→ Problem description
For every line below, restate it exactly and drop the images.
○ ○ ○ ○ ○
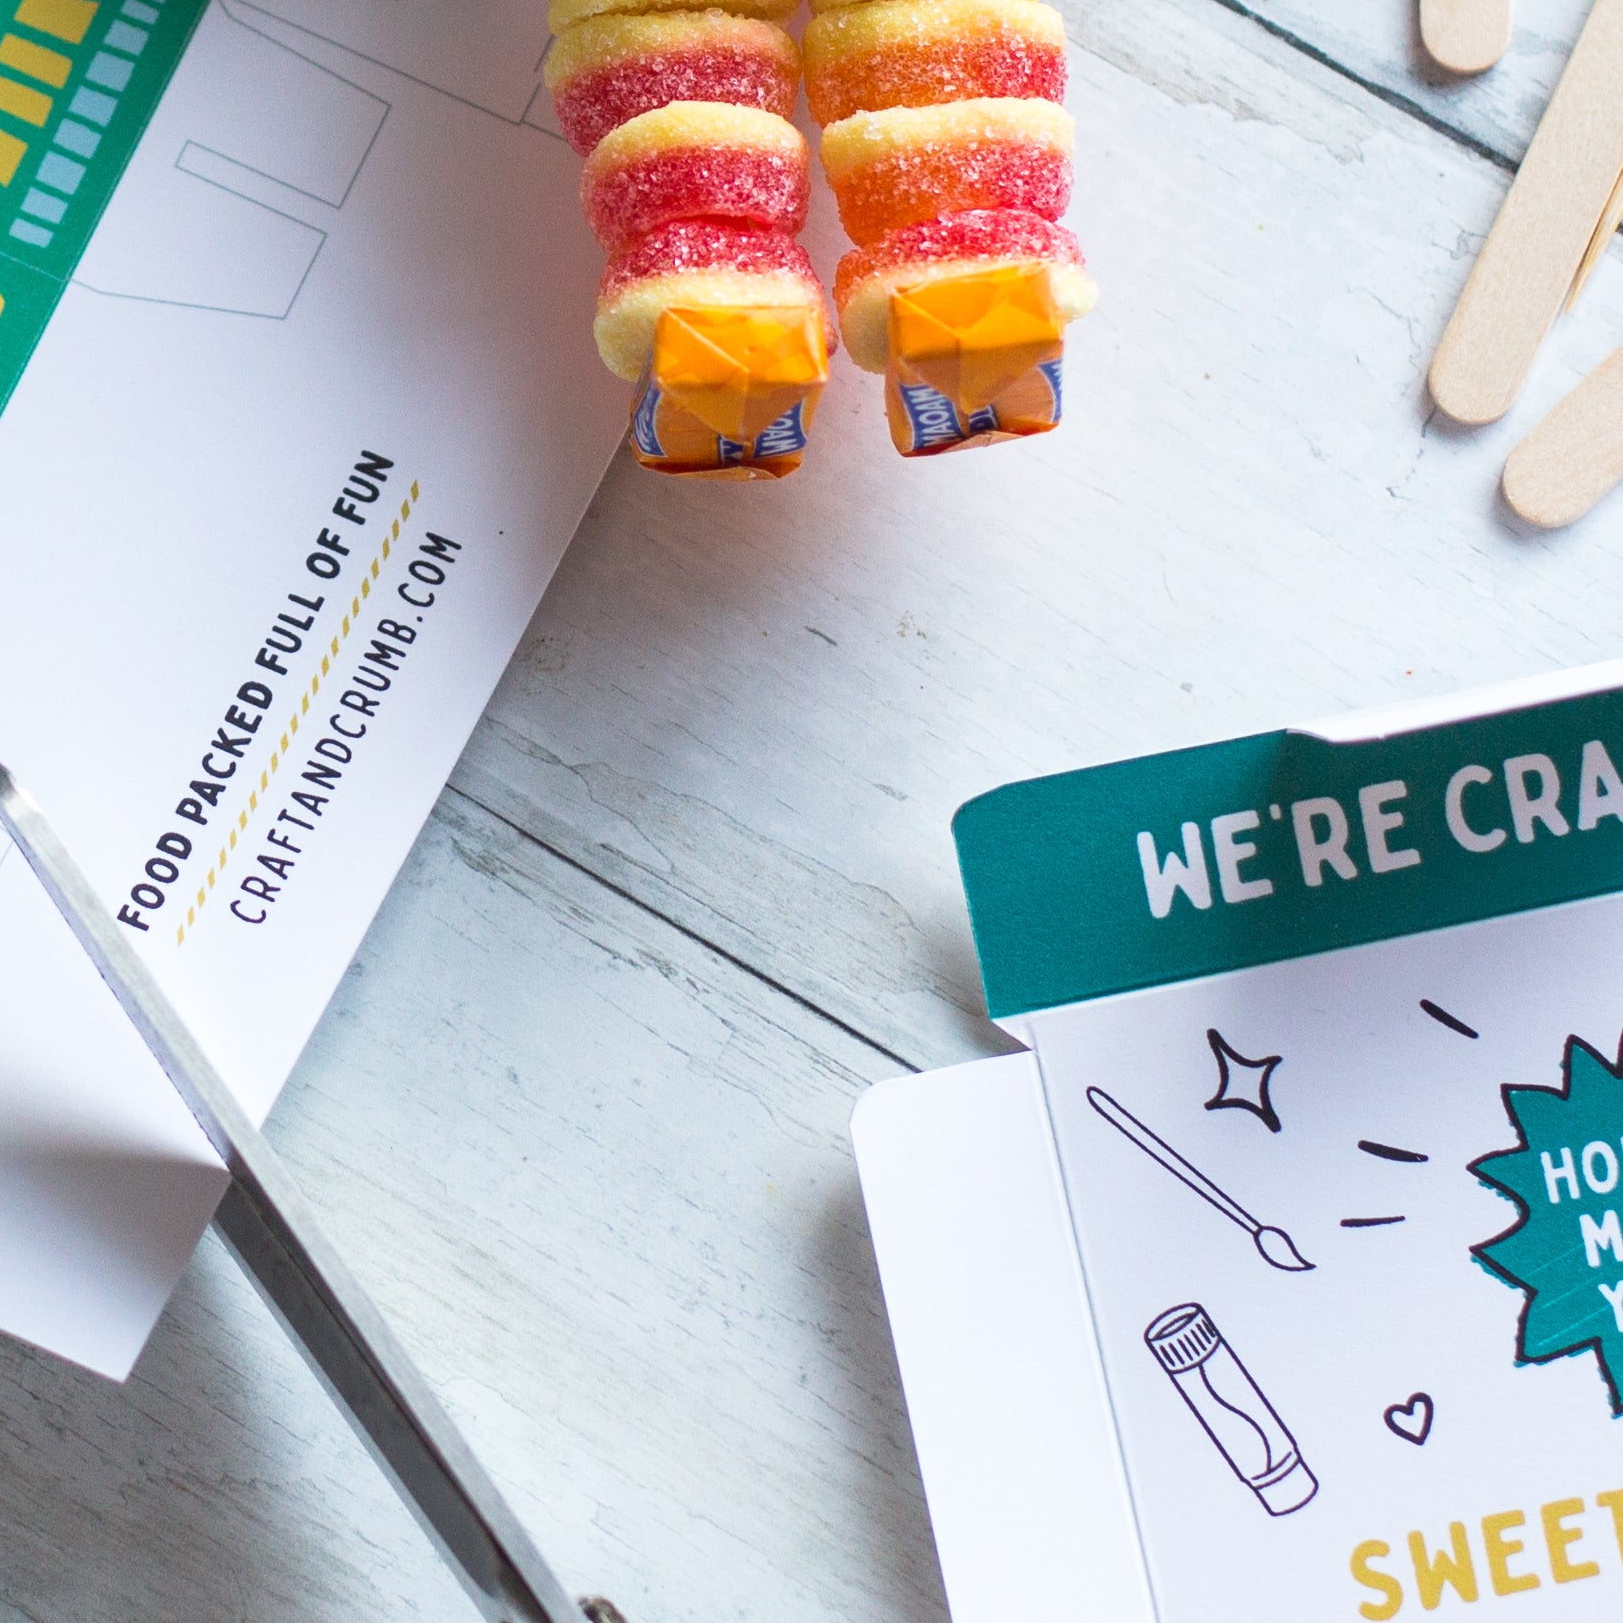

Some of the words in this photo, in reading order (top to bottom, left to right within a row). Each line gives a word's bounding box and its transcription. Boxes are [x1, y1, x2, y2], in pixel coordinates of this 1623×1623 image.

[117, 831, 193, 932] FOOD
[175, 680, 273, 826] PACKED
[255, 592, 325, 676] FULL
[306, 527, 351, 580] OF
[332, 449, 395, 526] FUN
[230, 531, 463, 925] CRAFTANDCRUMB.COM
[1137, 780, 1422, 919] WE'RE
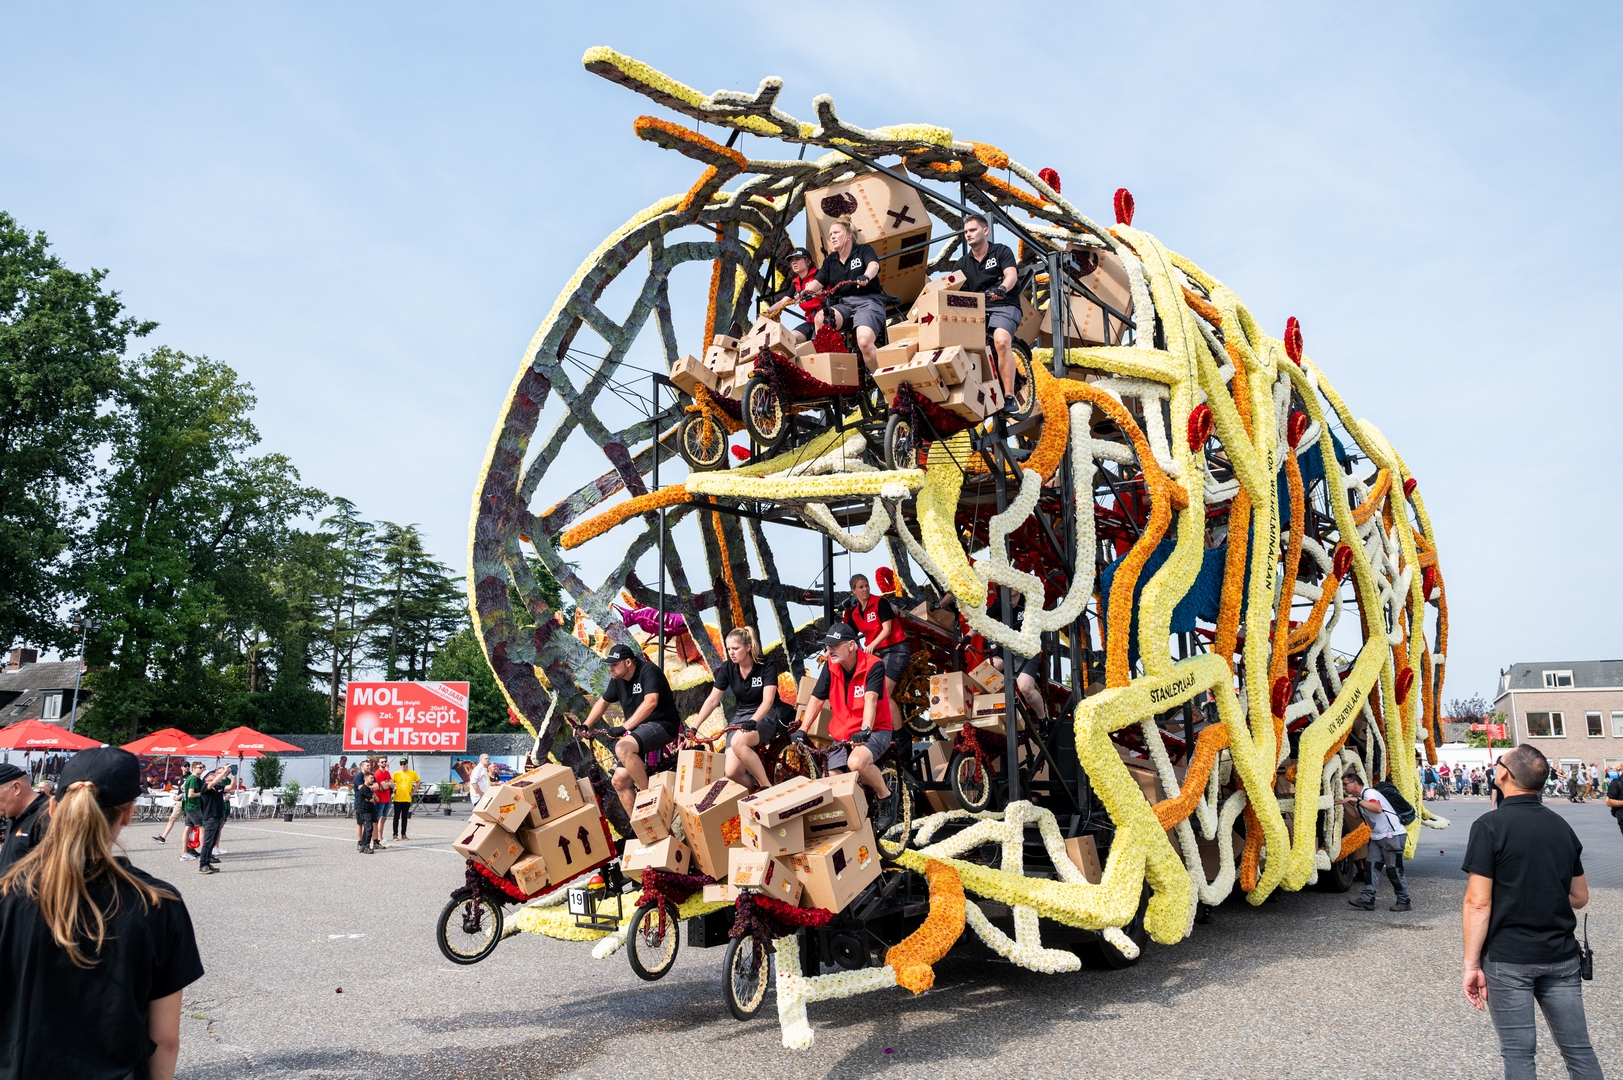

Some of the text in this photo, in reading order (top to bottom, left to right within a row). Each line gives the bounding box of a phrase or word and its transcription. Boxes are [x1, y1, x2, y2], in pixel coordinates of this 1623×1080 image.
○ ○ ○ ○ ○
→ Response to the task
Some of the words in this photo, in reading order (top to bottom, left to right within a row). Each line gives a word's bounding box and its transcription. Boxes are [x1, y1, x2, y2], in pixel coordinates of this 1623×1623 image.

[117, 831, 193, 932] FOOD
[175, 680, 273, 826] PACKED
[255, 592, 325, 676] FULL
[306, 527, 351, 580] OF
[332, 449, 395, 526] FUN
[230, 531, 463, 925] CRAFTANDCRUMB.COM
[1137, 780, 1422, 919] WE'RE

Some of the text in this photo, in reading order (top to bottom, left to right within a row). Each line gives the bounding box of a phrase or word and its transcription. Boxes are [x1, y1, x2, y2], in pixel coordinates of this 1623×1080 image.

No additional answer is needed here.